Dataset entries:
----------
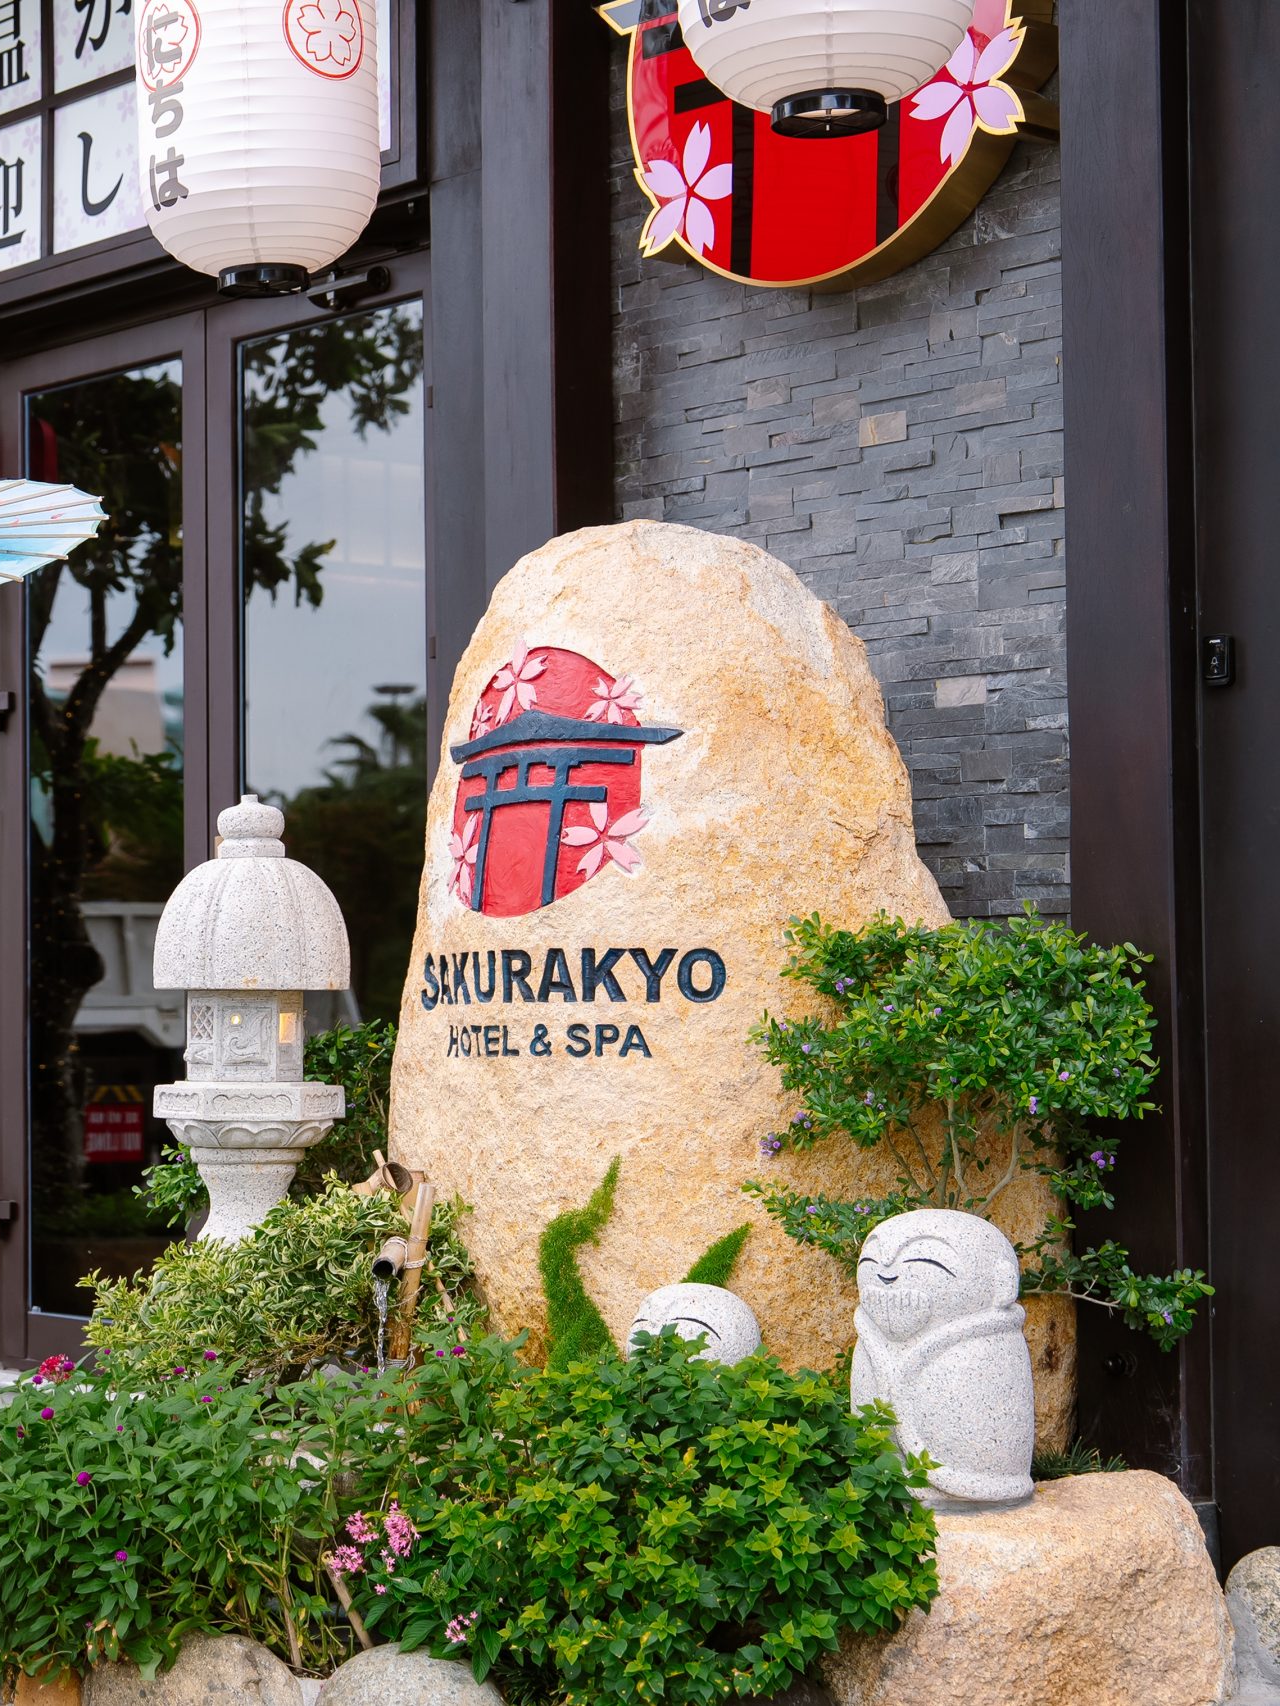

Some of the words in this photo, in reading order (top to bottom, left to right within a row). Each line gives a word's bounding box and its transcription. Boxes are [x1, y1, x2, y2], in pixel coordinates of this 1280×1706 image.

[421, 947, 727, 1011] SAKURAKYO
[447, 1024, 520, 1058] HOTEL
[529, 1023, 552, 1057] &
[565, 1023, 652, 1058] SPA
----------
> [WORK TO COMPLETE] Exclude every picture, then reproduce the remaining data character for character.

> [SOLVED PROBLEM]
Some of the words in this photo, in reading order (top to bottom, left to right within a row). Each line gives a word's bounding box and its transcription. Boxes are [x1, y1, x2, y2], in pixel coordinates of this 1280×1706 image.

[421, 947, 727, 1011] SAKURAKYO
[447, 1024, 520, 1058] HOTEL
[529, 1023, 552, 1057] &
[565, 1023, 652, 1058] SPA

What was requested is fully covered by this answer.